General Information
Course Description
Posthuman, all too post - Calin Mihailescu
As old humanism started morphing into its opposite, and letting itself be scavenged by the isms of modern industrialism and its positivisms, fascisms, communism, socialisms with a human face (but with the same iron fists), consumerism and bureaucracies, the massive counter-attack mounted by the Fathers of 68 (Foucault, Althusser, Deleuze, Derrida, Lacan, but also grandpas Heidegger, Levinas and Blanchot) marked a watershed in the history of theory.
This course attempts to push the destruction of the subject and of its human puppet beyond the confines of 68. It’s been 40 years, after all, and the establishment has been getting more entrenched than ever.
The issues to be tackled include the critique of Heidegger’s and Ellul’s critiques of technology, surgical attempts on the body of bodily prostheses (mechanical, chemical, digital, etc.); the embodiment as non-subjective (Kant’s anthropology, Lyotard’s inhuman, the Golem tradition)); Deleuze’s rhizomatics and the transhumanist direction (“Transhumanism is the view that humans should (or should be permitted to) use technology to remake human nature” (Heidi Campbell and Mark Walker, “Religion and Transhumanism: Introducing a Conversation,” Journal of Evolution and Technology, 14:2 (August 2005); also the movement of “singularism” and the inception of “The Singularity Institute for Artificial Intelligence “(SIAI), in 2000); questions of techno-power, beyond Foucault (e.g. de Chardin’s noosphere, but also the KGB-inspired definition of the secret agent as a pure brain without a body, thus hooked into a Borg-like collective aggregate); and the fates of Nietzsche in the middle of his prophesized Nihilistic era, including a gendered take on him as a woman.

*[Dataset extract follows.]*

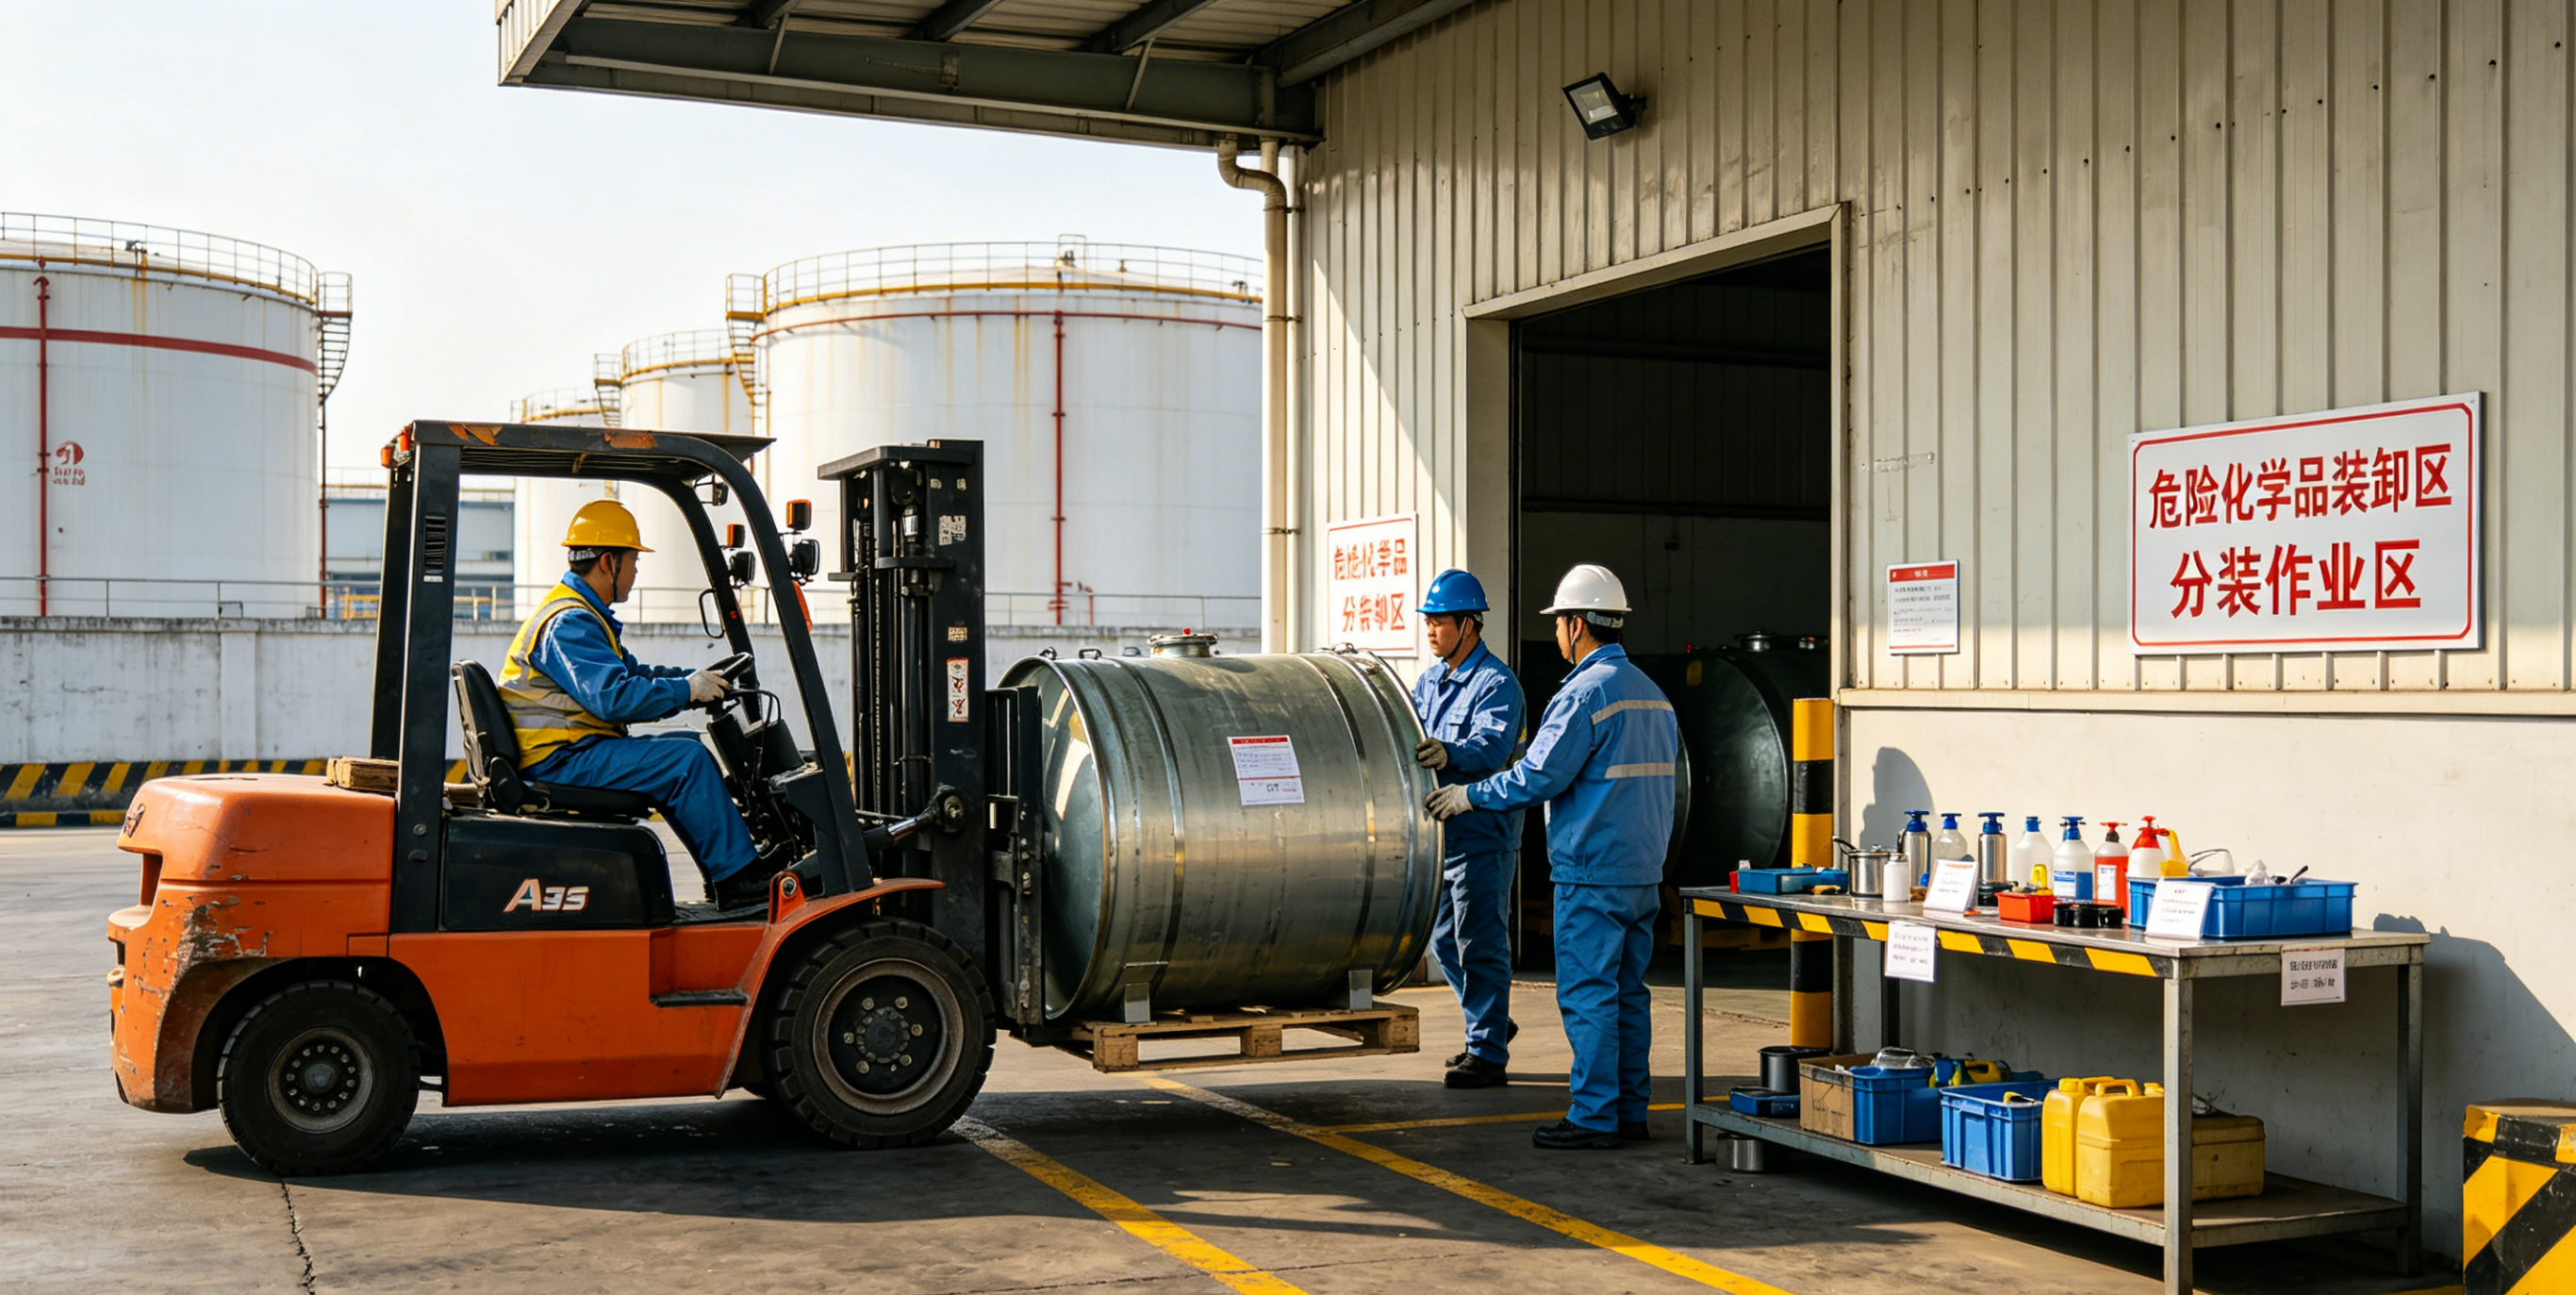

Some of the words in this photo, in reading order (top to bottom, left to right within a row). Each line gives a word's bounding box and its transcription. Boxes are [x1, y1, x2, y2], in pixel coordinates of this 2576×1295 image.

Readings include, beyond the older authors mentioned, Steve Nichols’s Post-Human Manifesto (1988); Hans Moravec, Mind Children: The Future of Robot and Human Intelligence (1988); Douglas Dixon, Man after Man. An Anthropology of the Future (1990); Donna Haraway, “A Cyborg Manifesto,” and “Situated Knowledges.” Simians, Cyborgs, and Women (1991); Robert Pepperell, The Posthuman Condition (1995); Katherine Hayles, How We Became Posthuman: Virtual Bodies in Cybernetics, Literature, and Informatics (1999); Bill Joy, “Why the Future Doesn’t Need Us?” Wired (April 2000); Ray Kurzweil, The Singularity Is Near: When Humans Transcend Biology (2005); Simon Young, Designer Evolution: A Transhumanist Manifesto (2006); Ashel Seidel, Inhuman Thoughts: Philosophical Explorations of Posthumanity (2008); Paul Jersild, “Rethinking the Human Being in Light of Evolutionary Biology,” Dialog 47:1 (Spring 2008). Also, products of the SF writers (S.J. Lec, Philip Dick, Ch. Cross, KenMacLeod, Bruce Sterling, Greg Egan) will be devoured as part of this course’s diet.